---
title: "Create, export Spark ML models: MLeap"
titleSuffix: SQL Server Big Data Clusters
description: Use PySpark to train and create machine learning models with Spark on SQL Server Big Data Clusters. Export with MLeap, and then score the model with Java in SQL Server.
author: RogPodge
ms.author: roliu
ms.reviewer: mikeray
ms.metadata: seo-lt-2019
ms.date: 12/13/2019
ms.topic: conceptual
ms.prod: sql
ms.technology: big-data-cluster
---

# Create, export, and score Spark machine learning models on [!INCLUDE[big-data-clusters-2019](../includes/ssbigdataclusters-ss-nover.md)]

The following sample shows how to build a model with [Spark ML](https://spark.apache.org/docs/latest/ml-guide.html), export the model to [MLeap](http://mleap-docs.combust.ml/), and score the model in SQL Server with its [Java Language Extension](../language-extensions/language-extensions-overview.md). This is done in the context of a SQL Server 2019 big data cluster.
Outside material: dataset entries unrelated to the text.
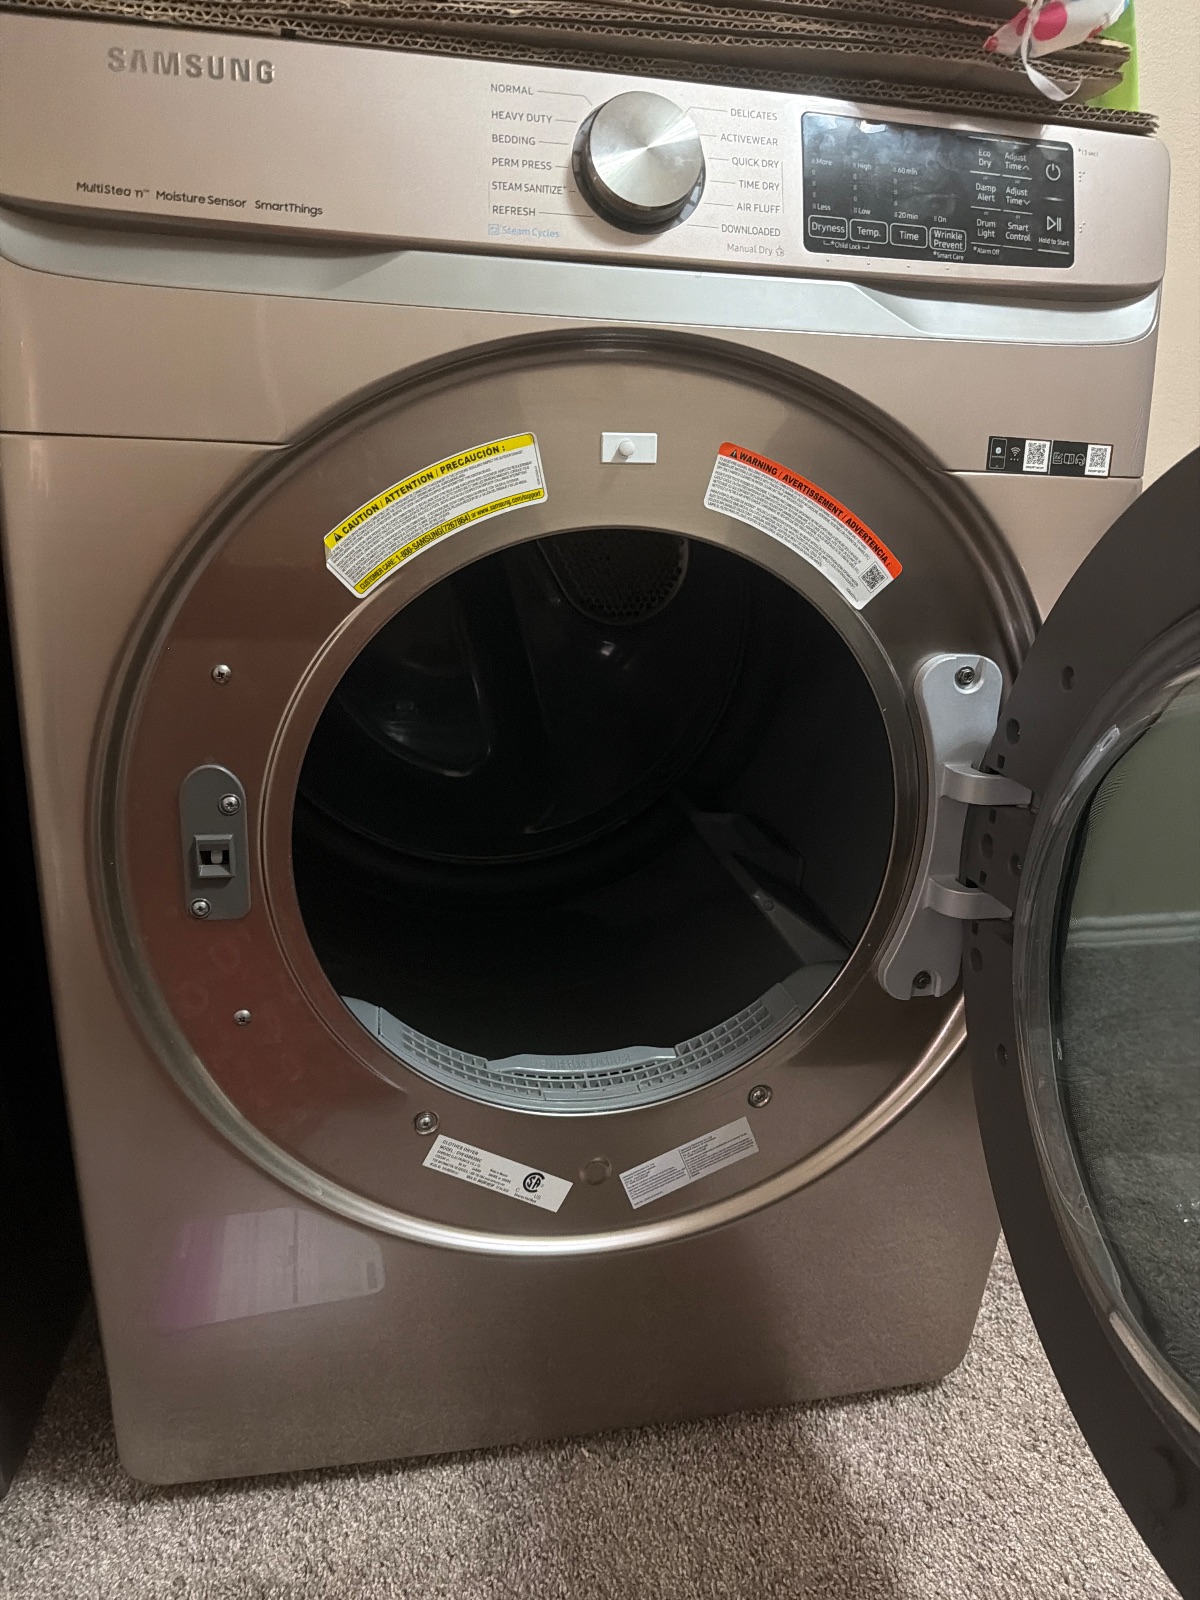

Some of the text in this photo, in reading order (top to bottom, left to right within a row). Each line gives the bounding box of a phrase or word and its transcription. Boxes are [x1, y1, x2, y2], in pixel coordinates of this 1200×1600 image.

[107, 46, 275, 84] SAMSUNG
[490, 83, 534, 96] NORMAL
[491, 110, 553, 123] HEAVY DUTY
[730, 108, 778, 121] DELICATES
[491, 133, 536, 146] BEDDING
[720, 133, 778, 146] ACTIVEWEAR
[978, 148, 991, 158] Eco
[1004, 152, 1027, 163] Adjust
[491, 157, 552, 171] PERM PRESS
[731, 156, 779, 168] QUICK DRY
[816, 158, 833, 166] More
[857, 163, 872, 171] High
[978, 158, 992, 168] Dry
[1005, 161, 1022, 171] Time
[491, 180, 522, 191] STEAM
[739, 179, 780, 191] TIME DRY
[975, 182, 997, 194] Damp
[977, 191, 995, 202] Alert
[1005, 186, 1028, 198] Adjust
[155, 189, 206, 205] Moisture
[207, 195, 247, 209] Sensor
[254, 199, 323, 218] SmartThings
[1006, 195, 1023, 205] Time
[492, 204, 536, 216] REFRESH
[737, 202, 781, 214] AIR FLUFF
[816, 203, 831, 211] Less
[858, 207, 871, 215] Low
[937, 215, 947, 223] On
[976, 218, 996, 228] Drum
[502, 224, 560, 239] Steam Cycles
[721, 223, 781, 237] DOWNLOADED
[811, 221, 846, 234] Dryness
[856, 226, 882, 238] Temp.
[1007, 221, 1029, 232] Smart
[899, 230, 919, 241] Time
[933, 229, 963, 241] Wrinkle
[977, 227, 996, 239] Light
[1005, 231, 1031, 242] Control
[933, 239, 964, 250] Prevent
[1038, 237, 1051, 245] Hold
[1057, 238, 1070, 247] Start
[727, 243, 773, 257] Manual Dry
[992, 248, 1000, 256] Off
[952, 253, 965, 261] Care
[341, 503, 380, 534] CAUTION
[384, 471, 435, 505] ATTENTION
[439, 445, 500, 475] PRECAUCIÓN
[739, 450, 778, 476] WARNING
[782, 473, 844, 518] AVERTISSEMENT
[845, 517, 888, 563] ADVERTENCIA
[359, 567, 383, 590] CUSTOMER
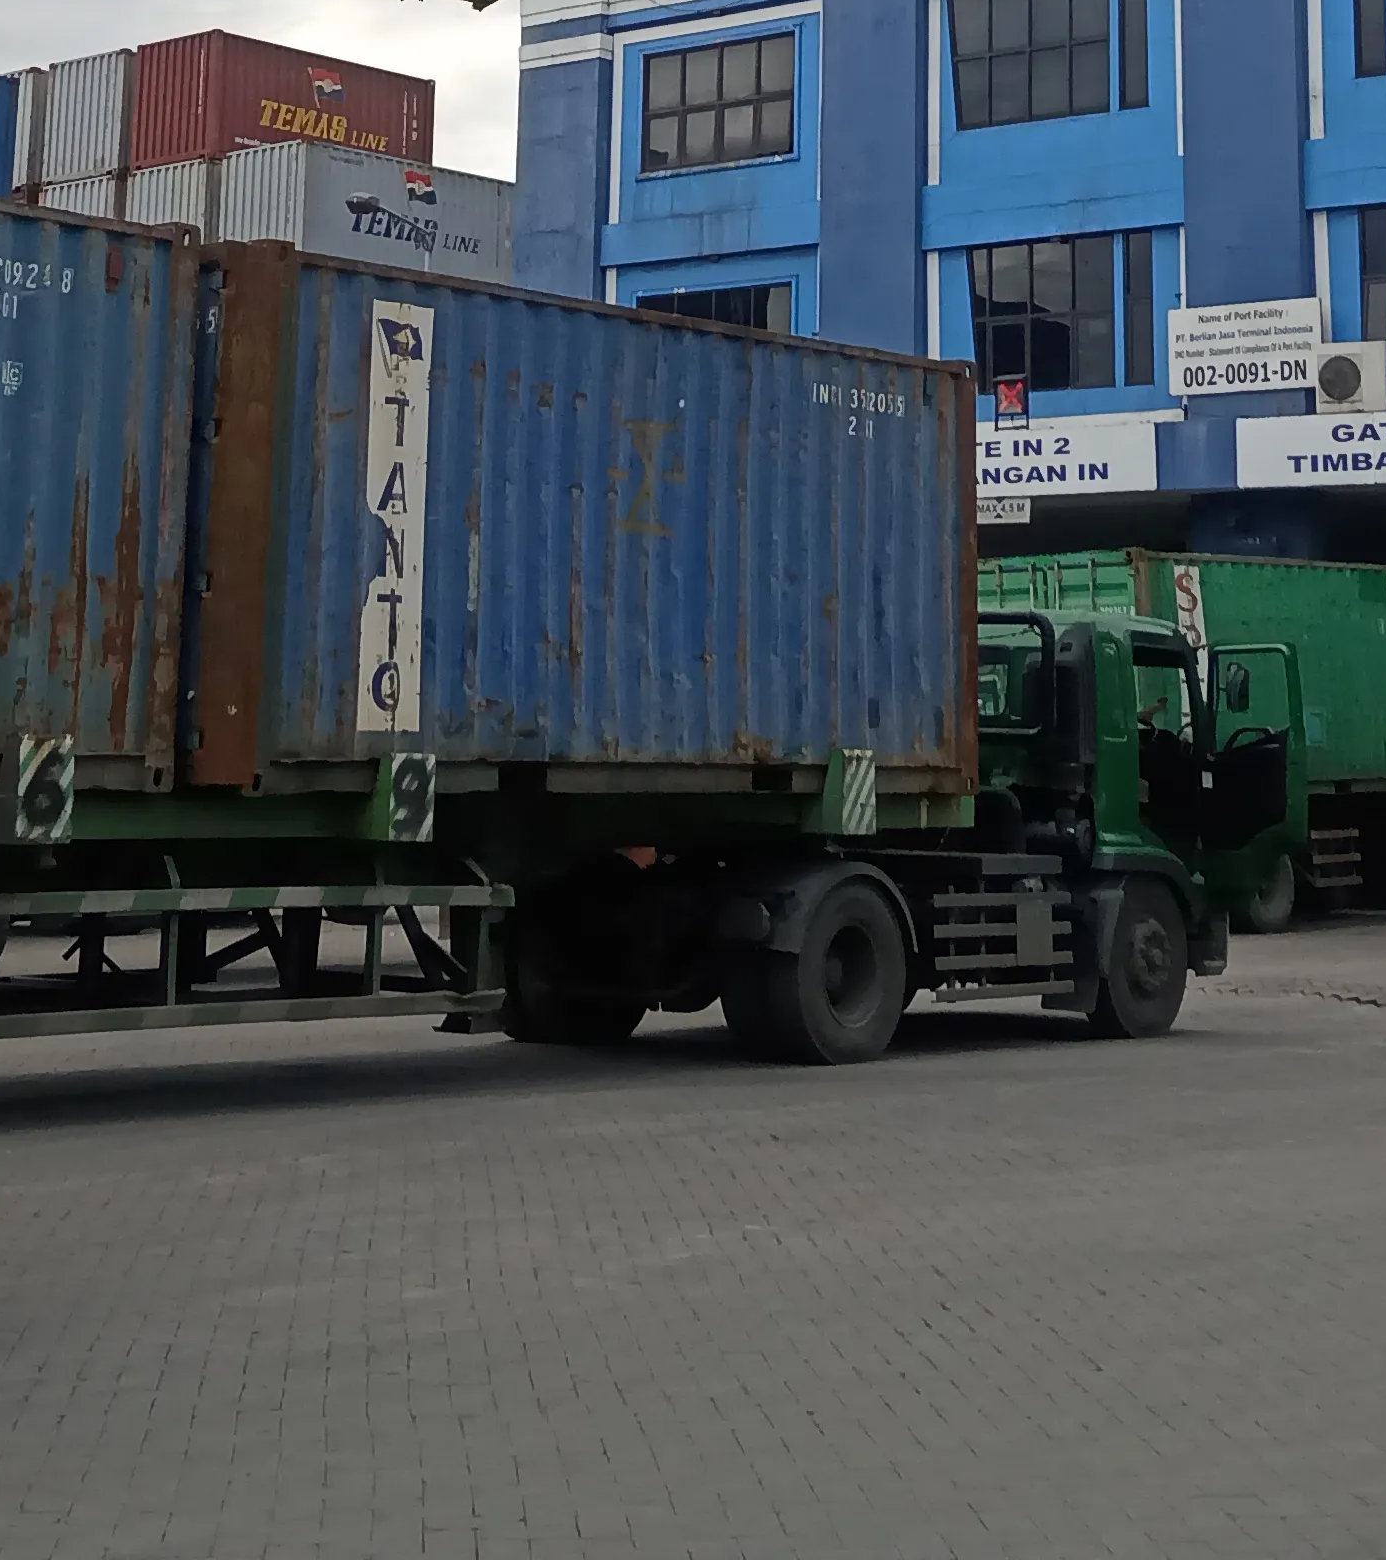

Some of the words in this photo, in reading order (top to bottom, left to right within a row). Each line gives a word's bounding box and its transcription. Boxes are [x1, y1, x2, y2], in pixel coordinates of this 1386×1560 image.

[259, 99, 348, 142] TEMAS
[351, 130, 390, 152] LINE
[441, 233, 482, 255] LINE
[1198, 314, 1221, 324] Name
[1223, 312, 1232, 322] of
[1234, 310, 1251, 321] Port
[1253, 307, 1284, 320] Facility
[1189, 332, 1216, 343] Berlian
[1218, 330, 1235, 341] Jasa
[1237, 326, 1271, 339] Terminal
[1273, 323, 1313, 334] Indonesia
[1183, 359, 1307, 388] 002-0091-DN
[1013, 439, 1042, 456] IN
[1053, 437, 1070, 454] 2
[976, 464, 1067, 485] NGAN
[1078, 463, 1108, 481] IN
[976, 503, 997, 513] MAX
[1016, 503, 1025, 513] M
[371, 396, 410, 712] TANTO
[23, 746, 65, 828] 6
The following diagram illustrates the work performed in this sample:

![Train score export with spark](./media/spark-create-machine-learning-model/train-score-export-with-spark.png)

## Prerequisites

All files for this sample are located at [https://github.com/microsoft/sql-server-samples/tree/master/samples/features/sql-big-data-cluster/spark/sparkml](https://github.com/microsoft/sql-server-samples/tree/master/samples/features/sql-big-data-cluster/spark/sparkml).
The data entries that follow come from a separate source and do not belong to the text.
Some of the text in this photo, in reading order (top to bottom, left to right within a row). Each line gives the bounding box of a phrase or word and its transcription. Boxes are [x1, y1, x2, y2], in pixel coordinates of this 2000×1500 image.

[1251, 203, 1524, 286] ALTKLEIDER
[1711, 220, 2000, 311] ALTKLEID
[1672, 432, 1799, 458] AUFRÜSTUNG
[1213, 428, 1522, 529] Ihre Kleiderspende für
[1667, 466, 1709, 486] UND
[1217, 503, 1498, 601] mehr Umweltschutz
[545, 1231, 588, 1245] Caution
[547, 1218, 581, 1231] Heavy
To run the sample, you must also have the following prerequisites:

- A [SQL Server big data cluster](deploy-get-started.md)

- [Big data tools](deploy-big-data-tools.md)
   - **kubectl**
   - **curl**
   - **Azure Data Studio**

## Model training with Spark ML

For this sample, census data (**AdultCensusIncome.csv**) is used to build a Spark ML pipeline model.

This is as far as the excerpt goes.